2011年10月11日火曜日

10月以降の生産量の予測について

今日はちょっと堅めの話を。

この2年間ずっとコミュニティファクトリーのボトルネックだった「生産量」がこの10月〜12月にかけて解決するかも、というお話。

生産量の実績と予測
まずこちらが、この半年間の生産の結果と、向こう三ヶ月の予測。大分増えそうなのがわかるでしょうか?

こちらの数字の単位である「人日」っていうのは「1人日=標準的な村の女性が一日で生産するべき量」と定義しています。
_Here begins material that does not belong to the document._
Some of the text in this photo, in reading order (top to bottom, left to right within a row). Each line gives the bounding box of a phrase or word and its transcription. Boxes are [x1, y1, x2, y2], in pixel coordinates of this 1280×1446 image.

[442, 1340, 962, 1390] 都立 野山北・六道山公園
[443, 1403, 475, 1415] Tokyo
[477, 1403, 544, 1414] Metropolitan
それは商品ごとの標準生産時間(タクトタイム)に基づいて予測、計測をしています。
※ちなみに、い草チームの人日は「縫製工程=(カッティング)+(ミシン縫製)+(手縫製)+(仕上げ)」の人日のみ計算しています。 (い草織りの工数)、(染めの工数)などなど入っていないため、全体の人数に比べると小さく見えるかも知れません。
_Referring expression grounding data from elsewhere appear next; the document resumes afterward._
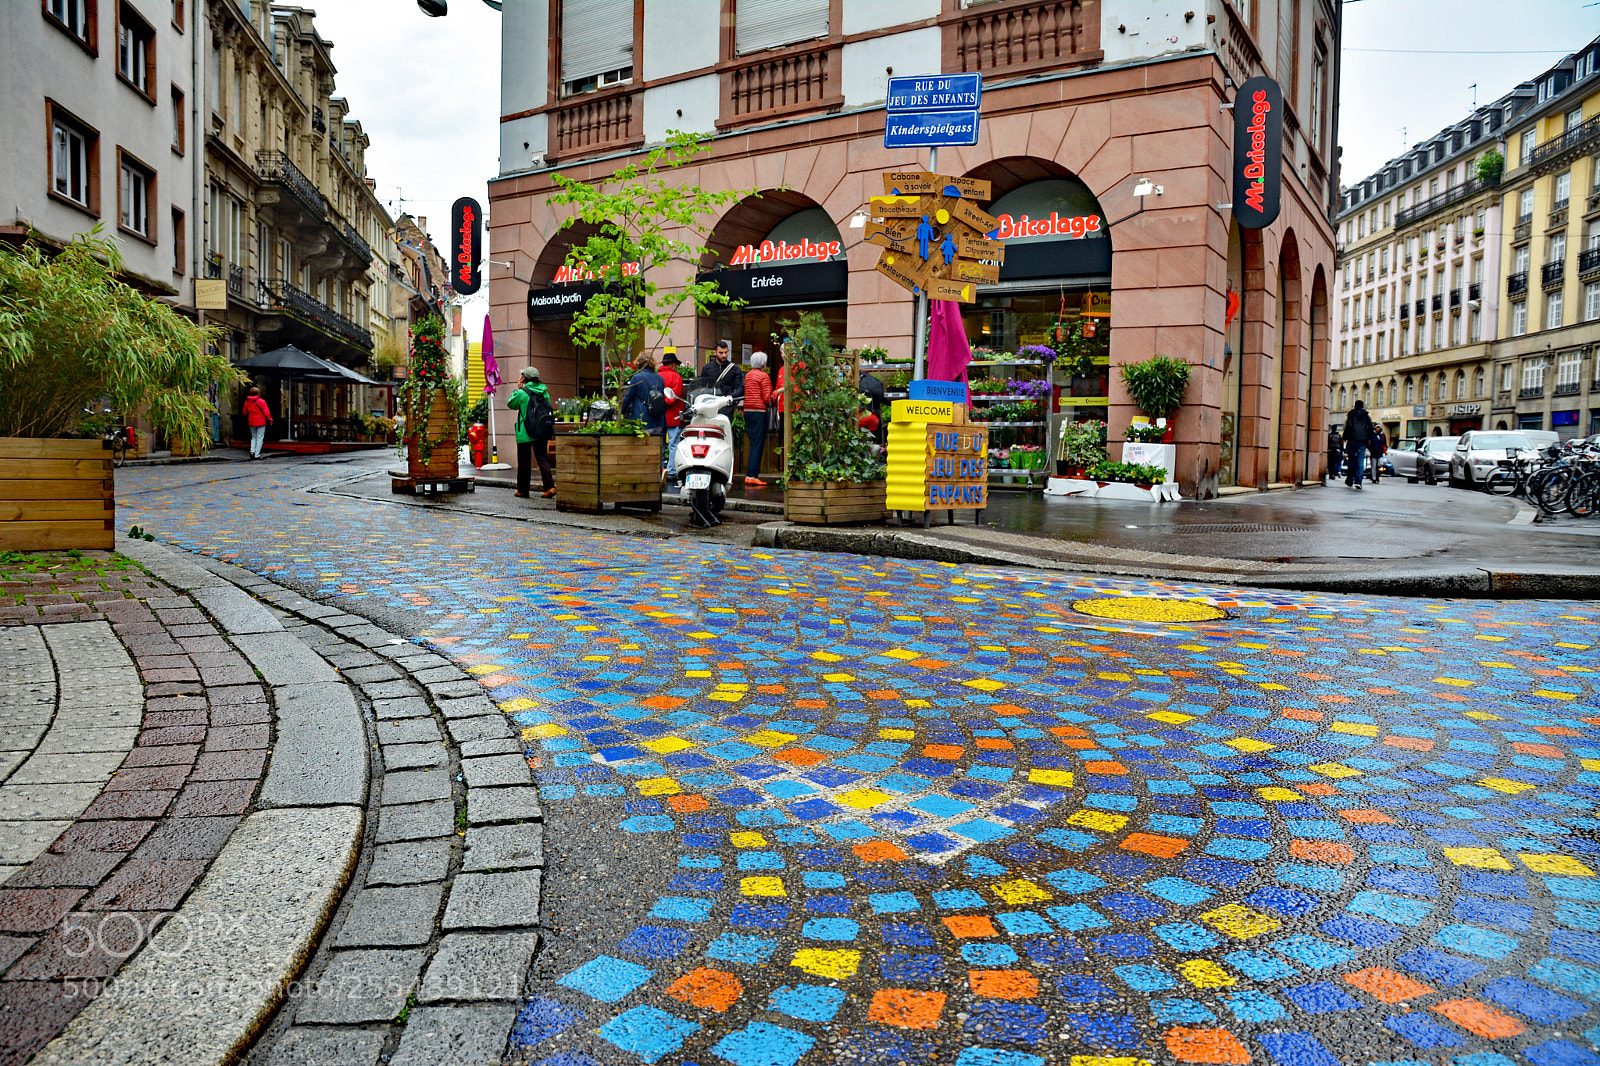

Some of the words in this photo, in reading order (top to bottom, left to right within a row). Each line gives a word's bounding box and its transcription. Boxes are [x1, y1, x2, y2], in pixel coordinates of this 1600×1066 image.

[915, 81, 934, 92] RUE
[938, 80, 951, 90] DU
[889, 96, 907, 106] JEU
[911, 95, 928, 105] DES
[932, 93, 975, 104] ENFANTS
[890, 123, 973, 136] Kinderspielgass
[1243, 89, 1271, 214] Mr.Bricolage
[891, 173, 920, 181] Cabane
[950, 176, 975, 186] Espace
[904, 182, 909, 190] à
[963, 188, 985, 197] enfant
[963, 208, 994, 230] Street-Art
[885, 227, 902, 239] Bien
[458, 205, 475, 286] Mr.Bricolage
[889, 241, 905, 252] être
[964, 237, 989, 247] Terrasse
[729, 237, 841, 265] Mr.Bricolage
[878, 259, 915, 287] Restaurants
[960, 273, 996, 285] Commerces
[751, 274, 784, 289] Entrée
[937, 286, 961, 296] Cinéma
[926, 385, 965, 397] BIENVENUE
[906, 406, 951, 416] WELCOME
[935, 432, 959, 451] RUE
[963, 433, 983, 452] DU
[930, 458, 954, 477] JEU
[960, 459, 984, 477] DES
[930, 485, 984, 504] ENFANTS
さて、それでは生産量をどう予測するかというと、この2年間私たちが考えて使っているのは次の方程式。

(生産量)=(生産日数)×(出席率)×(生産性)×(村の女性の人数、ランク別)

  • 生産日数=工場の稼働日。通常月〜土曜日までの週6日ですが、カンボジアは祝日が多く、しばしばそれが大変です。
  • 出席率=登録されている全員が出席すれば100%。普通の工場では限りなく100%に近い形で安定すると思いますが、村に住む彼女たちは、家庭の事情、農業シーズンの出稼ぎなどなど様々な理由で休むことがあります。有給休暇もありますが、それ以外にも休んでしまうことがあり、それを計測しているのがこの出席率。
  • 生産性=1日に生産するべき生産量の何%作れるか。機械の調子が悪いなどの理由で下がったりすることがあります
  • 村の女性の人数、ランク別=人数が多ければ当然生産量も増えます。しかし、長く働いている女性と、入ってきたばかりの女性では大きな差があります。給与にも連動する「ランク」を今は4段階設定しており、そのランクごとに、1日に生産するべき量が変わってきます

それでは何故今まで生産量が低かったのか、今後上がると考えているのは何故なのかを少し説明しますね。
まず、増加する一番大きな理由は7月、8月の大量採用の効果が9月以降に出てくるからです。

採用と生産参加人数
7,8月で今後の生産量を増やそう!ということで41名の雇用を行いました。2ヶ月のトレーニングを経て、9月、10月から生産人数が増加します!

訓練が2ヶ月に短縮されたこと、彼らが安定して来続けていることがきいてきています。

またもう一つの理由としては生産性の向上も欠かせません。

電気ミシンの導入と生産性の向上
いろいろな手段で生産性の向上を目指していますが、7月から行っているのが電気ミシンの導入。詳しくはこちらの記事をご覧ください。

電気ミシンを一旦入れたことで少し生産性が下がりましたが、その後は順調に生産性が上がっています。
一部導入した電気ミシンも今後は全縫製担当の女性に行き渡るようにしようと思っています。

ちなみに、「9月の生産あまりあがっていないじゃないか」「8月の結果がやばくないか?」と思った方、非常に鋭いです。

それを最後に説明するために出席率と工場稼働日数を見てみましょう。

生産日数と出席率
8月の出席率の落ち込みと、9月の生産日数の少なさが見て取れるかと思います。

9月は特にカンボジアのお盆(プチュンバン)により1週間休みがあるため生産日数が非常に少なかったのです。しかし、その割には非常に結果が良く、それは出席率や電気ミシン、村の女性の生産人数の増加などが効いていることがよりわかるかと思います。

10月〜12月までは農業の収穫シーズンであることもあり、出席率はかなり安全目にみて、低めに設定しています。それにも関わらず、生産量が第2四半期に比べて40%ほど増加させられるのではないかと考えているのです。
もちろん油断は出来ませんので

  • 出席率を管理するためのヒアリングや調査、サポートの実施
  • 生産性をあげるための、電気ミシン全台導入、チーム分けによる管理、5段階目となる生産性と給与が高い技術ランクを導入、デザイナーの方に指導頂いた基本スキルや製品のショートカットスキルの浸透など
  • 他社連携による製品の確保(現在スタートしたアンコールビスケットの販売、その他かものはしTシャツ、食品の導入)

などを行っていこうと思います。それぞれについてはまたブログでも書ければ、なんて思います。

さておき、特に8,9月は商品がほとんどなく、皆さんにもご心配とご迷惑をおかけしたかと思いますが、10月以降持ち直す予定ですのでもう少々お待ちくださいませ!という記事でした。